Six of the adults who traveled with the youth group were invited to join a clean-up crew. They helped clean yards and remove items from people's homes.

"It was overwhelming," said Mattingly. "People think they know what it looks like because they have seen pictures, but when you are there it is totally different. It's the feeling you get, and there is an odd, moldy, musty smell in the air.

"I was so amazed though, because there was no rudeness," said Mattingly. "People were so kind to each other. Those people have lost everything, and you would think they would act devastated, but it wasn't that way. Everybody was helping everybody."

The group of volunteers started their day in the perimeter zone of the devastated area but were later instructed to help along Illinois Street, one of the hardest hit areas in Joplin.

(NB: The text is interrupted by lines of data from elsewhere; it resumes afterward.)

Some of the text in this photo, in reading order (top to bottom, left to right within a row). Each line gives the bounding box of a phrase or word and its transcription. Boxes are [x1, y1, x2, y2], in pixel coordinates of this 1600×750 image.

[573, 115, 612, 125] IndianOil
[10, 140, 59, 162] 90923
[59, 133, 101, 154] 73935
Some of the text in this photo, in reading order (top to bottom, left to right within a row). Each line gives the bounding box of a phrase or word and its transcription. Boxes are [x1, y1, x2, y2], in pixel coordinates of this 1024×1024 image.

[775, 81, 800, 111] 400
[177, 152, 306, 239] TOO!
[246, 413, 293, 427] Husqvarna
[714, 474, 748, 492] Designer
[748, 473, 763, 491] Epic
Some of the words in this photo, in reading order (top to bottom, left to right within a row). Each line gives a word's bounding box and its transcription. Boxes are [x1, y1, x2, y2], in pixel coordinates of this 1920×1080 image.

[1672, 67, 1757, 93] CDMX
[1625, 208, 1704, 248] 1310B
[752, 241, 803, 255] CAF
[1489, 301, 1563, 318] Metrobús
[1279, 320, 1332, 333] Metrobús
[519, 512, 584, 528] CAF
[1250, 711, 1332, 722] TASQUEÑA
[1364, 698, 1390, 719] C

"We were right in the middle of the devastation, but people were able to salvage some stoves and washers and dryers and things," said Mattingly. "Some of the guys helped move the heavier stuff, and we picked up the pictures we could find and other things that we thought they might want."

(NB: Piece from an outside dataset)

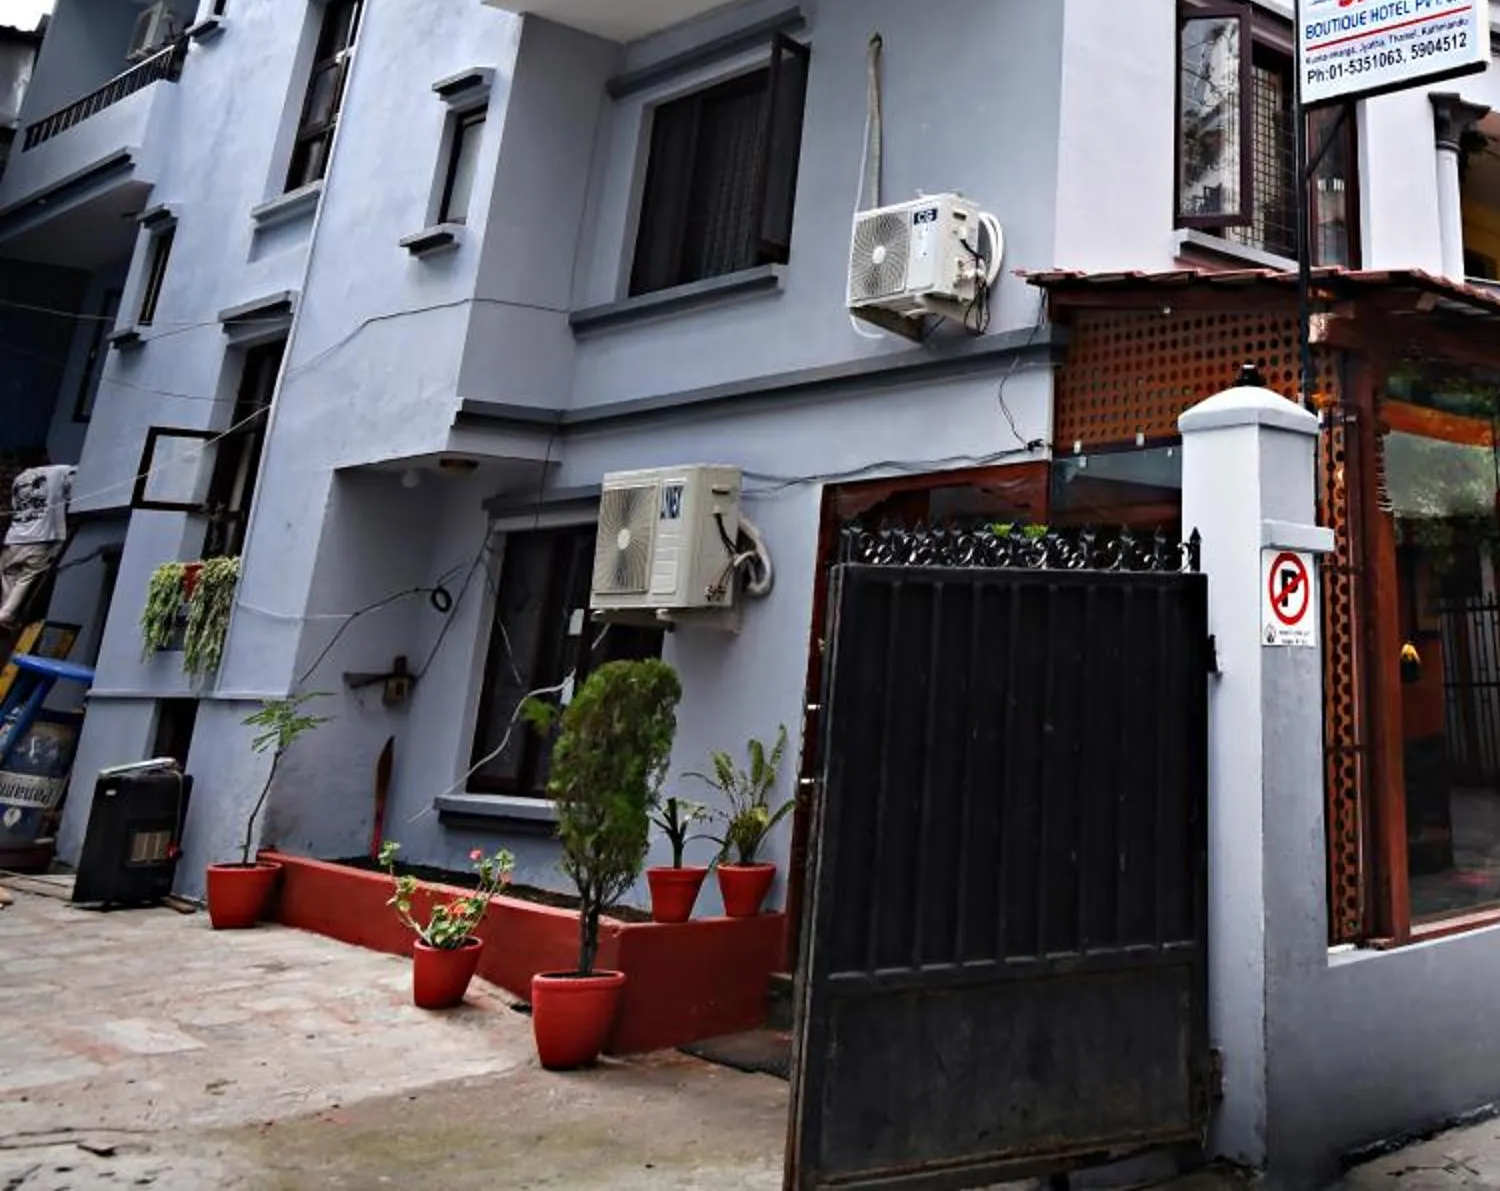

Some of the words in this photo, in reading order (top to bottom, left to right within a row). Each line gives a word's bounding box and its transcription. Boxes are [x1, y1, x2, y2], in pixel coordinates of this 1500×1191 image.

[1305, 11, 1367, 39] BOUTIQUE
[1370, 0, 1410, 22] HOTEL
[1411, 32, 1467, 59] 5904512
[1281, 569, 1298, 607] P

The Calvary Baptist Church volunteers worked from 9 a.m. to 4:30 p.m. on May 29.

In addition to volunteering, the church group took four vehicle loads of donations to the Joplin area. Donations, which were also collected by Victory Baptist Church in Exeter, included food, water, household goods, pet supplies, baby supplies and personal hygiene products.

An effort organized by Niki Mabry, of Seligman, also transported truckloads of donations from Barry County to Joplin this weekend. Many of the items were collected at the Barry County OACAC Neighborhood Center in Cassville. Other donations were accepted at the Seligman City Hall and Southwest School.

"On Thursday, we thought we had a lot of stuff," said Gail Reed, Barry County OACAC director. "On Thursday afternoon, the donations kept coming and coming, and on Friday, they came by the truck load. It was amazing.

"People brought from their hearts," said Reed. "They went to Walmart and the Dollar Store and bought all kinds of stuff that they thought people in Joplin would need."

Volunteers from the First Baptist Church in Cassville helped sort and pack the donations, which were picked up on Friday afternoon.

"I woke up Monday morning after the tornado hit Joplin with a passion to help the people there," said Mabry. "I called around to see who I could get to let me use their location as a drop site."

After seeing the number of donations coming in, the City of Seligman staff contacted the owner of Ruby's convenience store in Seligman to see if he would be willing to donate the use of one of his U-Haul trailers.

"Members of the community came out to help sort and pack the donations and load the trailer," said Mabry. "I had more than 70 people helping me throughout the week."

Southwest Superintendent Bob Walker asked if he could assist with Mabry's effort. When the U-Haul trailer was full, Walker volunteered the use of the school's band trailer and pulled the packed trailer to Joplin for Mabry.

"It was really incredible," said Mabry. "It is an amazing experience to see so many helping. I would encourage more people to volunteer over the coming months. They will find a new joy in their heart that they have never felt."

Donations for Mabry's effort are still being accepted at the Neighborhood Center in Cassville, Seligman City Hall and Shear Images in Washburn. Mabry hopes to fill a semi-truck trailer with items that can be used by Joplin residents as they rebuild.

Clothing donations are also still being accepted at the Pink Zebra in Cassville.